It seems that there are individuals, grups of individuals, clusters and even zip codes such that the purchasing preferences are statistically good indicators of a product or brand's demise. These are the folks who bought Edsels, smokeless cigarettes, virtual boys, Apple Lisa and Harley Davidson Perfume. They voted for Alf Landon, used yogurt shampoo and drank Billy Beer. If you can find some of these folks, who have steadily and steadfastly bought dreck that is rapidly taken off of the market, watch them, and when they all run out to jump on some new bandwagon, go and short the product's manufacturer. This sounds like a fantasy, but seemingly isn't --

In "The Surprising Breadth of Harbingers of Failure (Sci-Hub mirror)", a trio of economists and business-school profs build on a 2015 "Journal of Marketing Research" paper that claimed that some households' purchasing preferences are a reliable indicator of which products will fail -- that is, if households in a certain ZIP code like a product, it will probably not succeed. The original paper calls these "harbinger households."
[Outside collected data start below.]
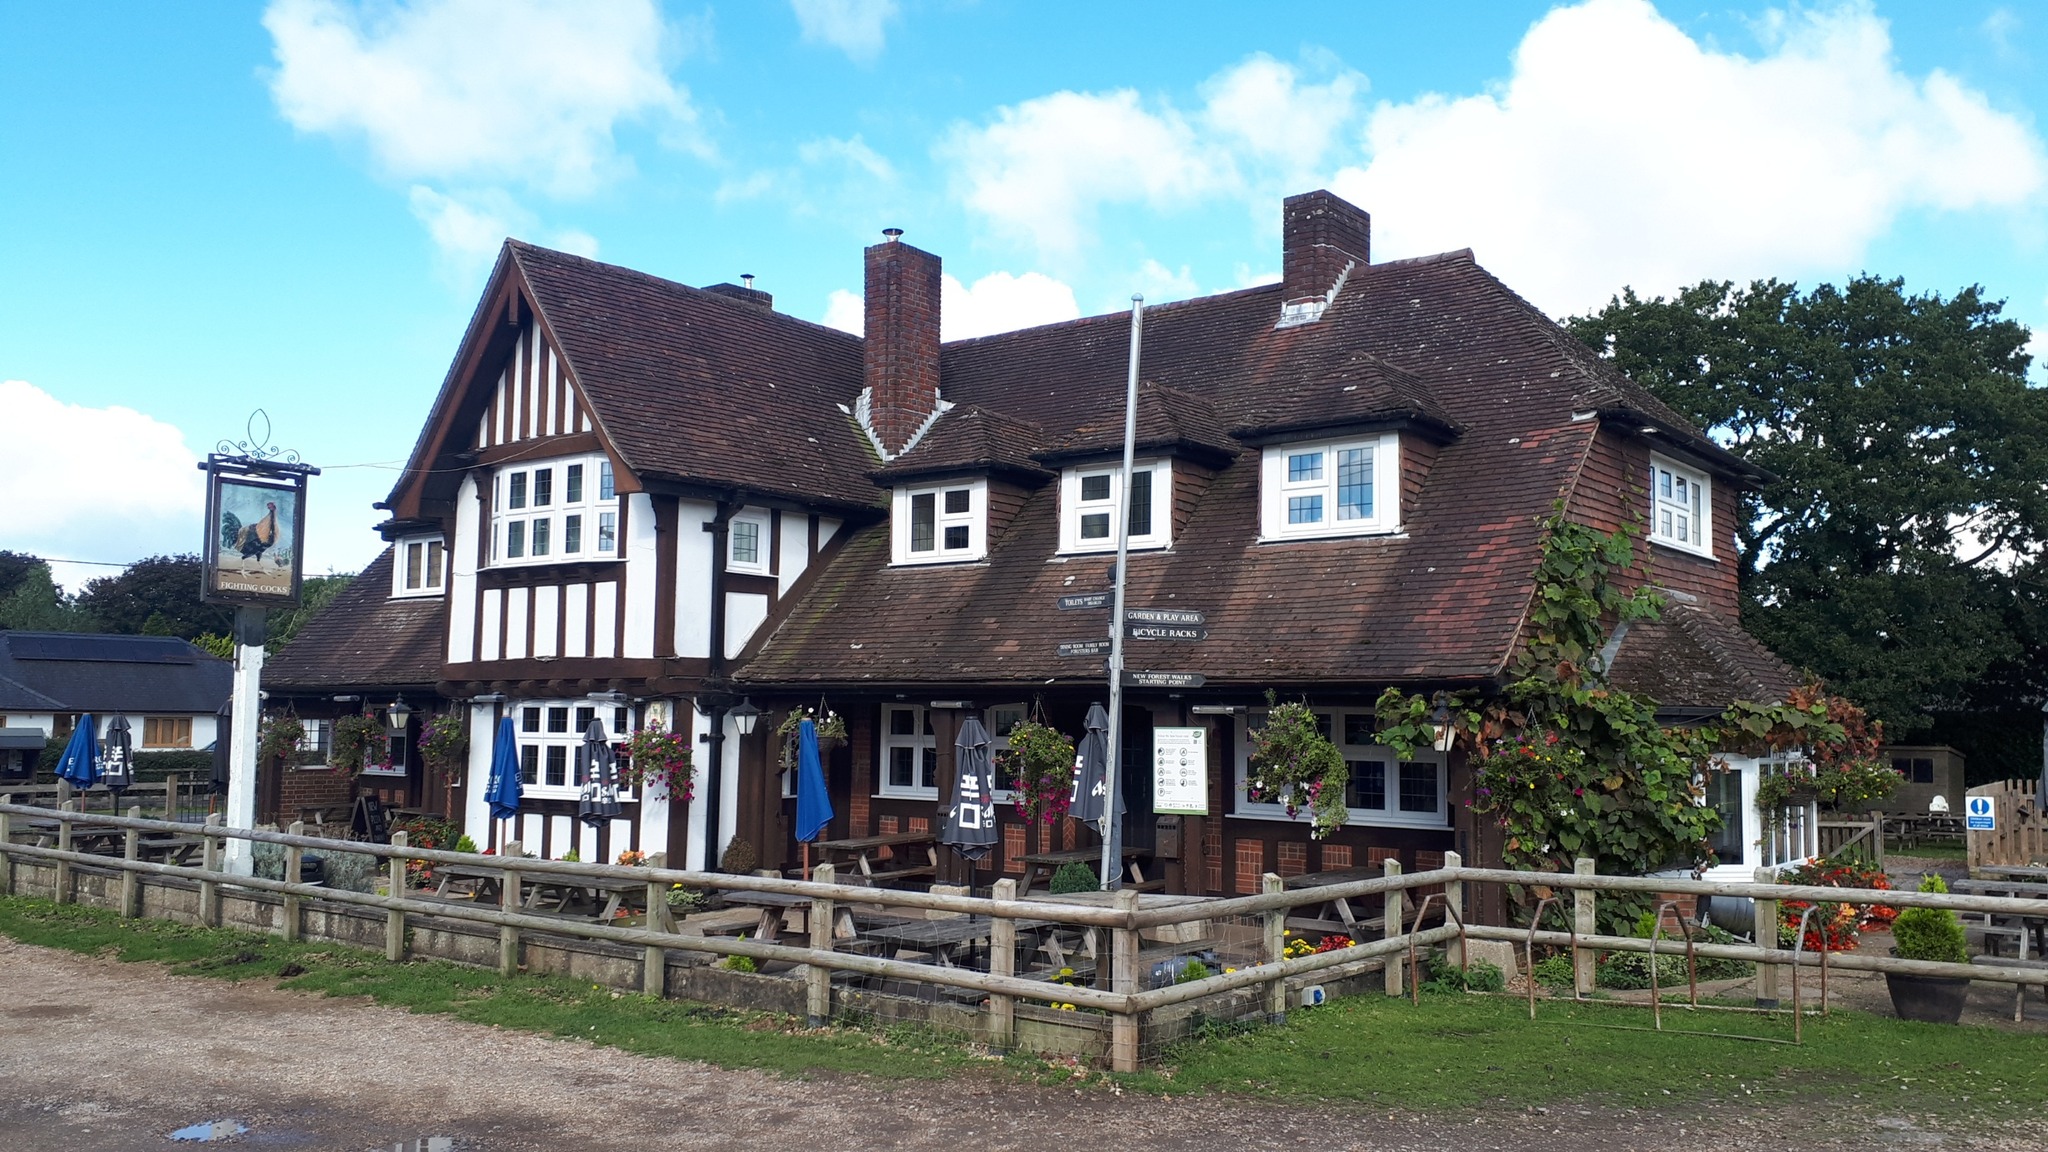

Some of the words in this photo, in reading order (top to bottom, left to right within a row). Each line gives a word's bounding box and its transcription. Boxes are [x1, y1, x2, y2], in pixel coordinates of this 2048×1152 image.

[220, 581, 258, 591] FIGHTING
[260, 584, 288, 593] COCKS
[1065, 598, 1084, 606] TOILETS
[1128, 612, 1154, 620] GARDEN
[1169, 630, 1197, 638] RACKS
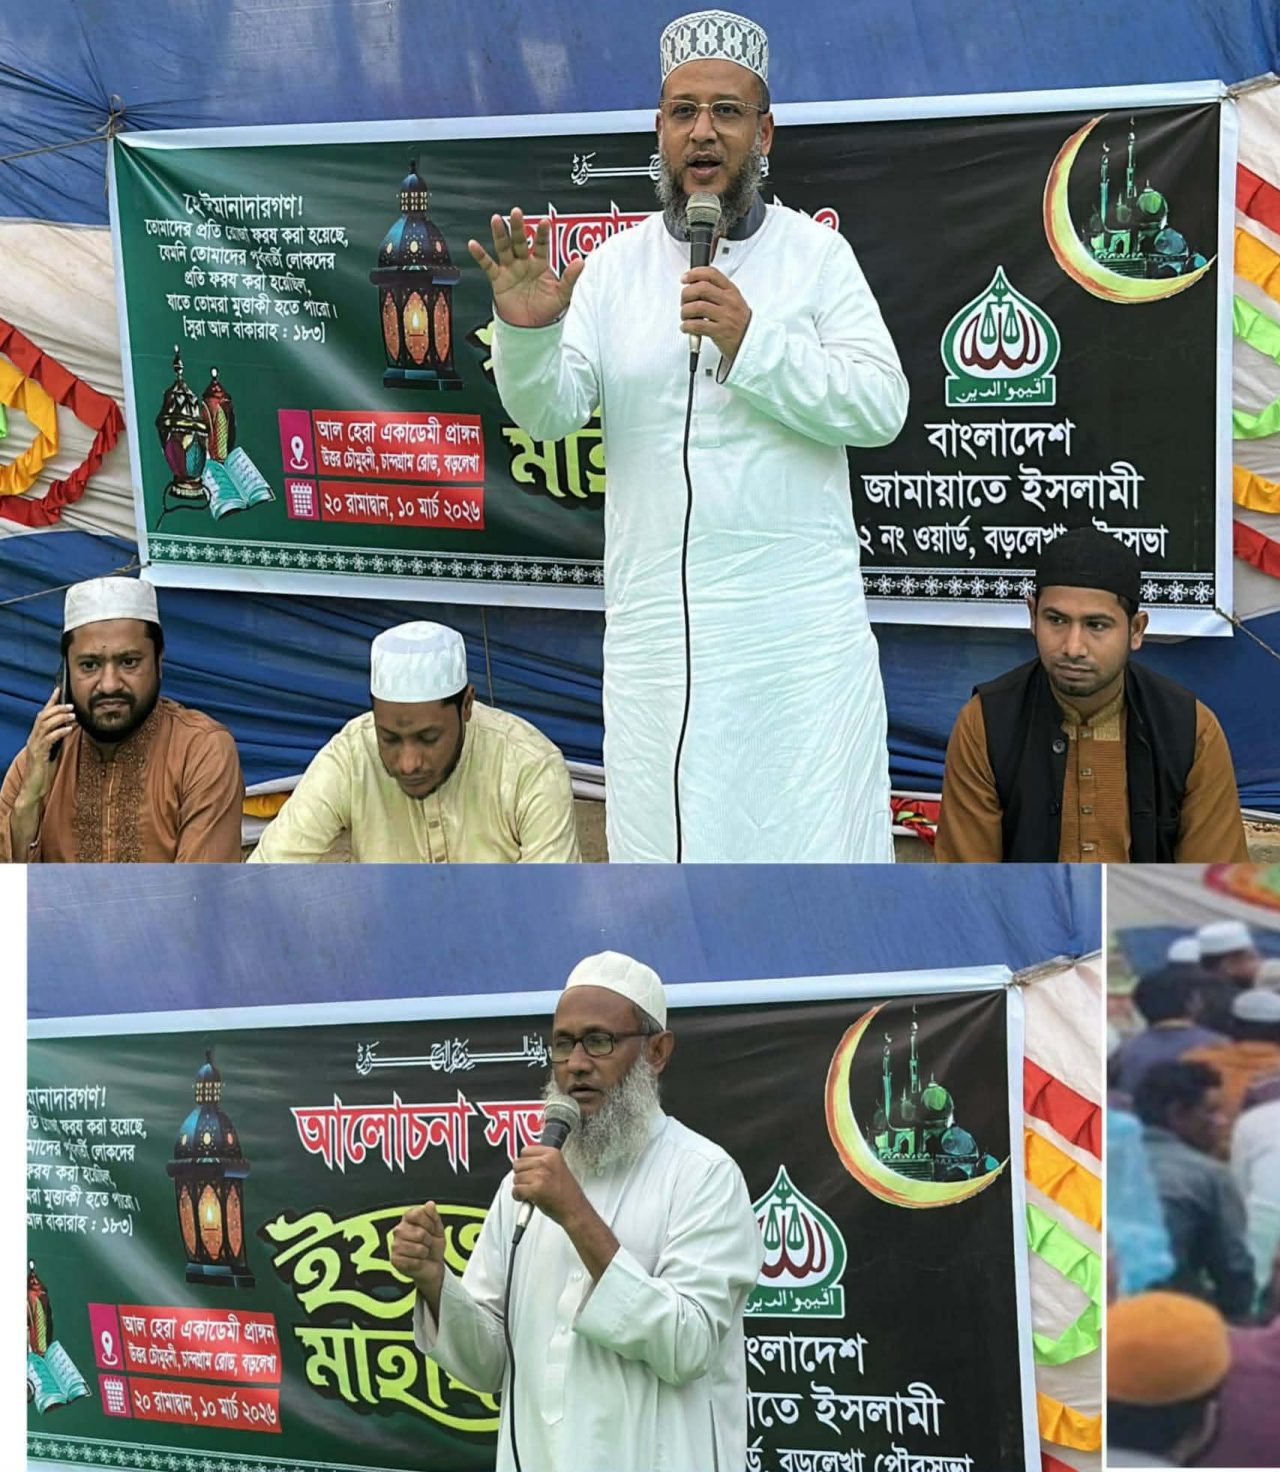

The BoingBoing article points us to the newer, follow-up study from 2019, which you can find here: https://journals.sagepub.com/doi/abs/10.1177/0022243719867935 . That source requires that you purchase to read, but the abstract (bait) is itself a good quick read and summary of the findings. As of yet, nobody quite knows how to explain these findings, or what as yet unknown factor(s) causes this behavior, let along the clustering of those susceptible to it. No doubt an mba and job in a marketing firm await those who ferret out the answers.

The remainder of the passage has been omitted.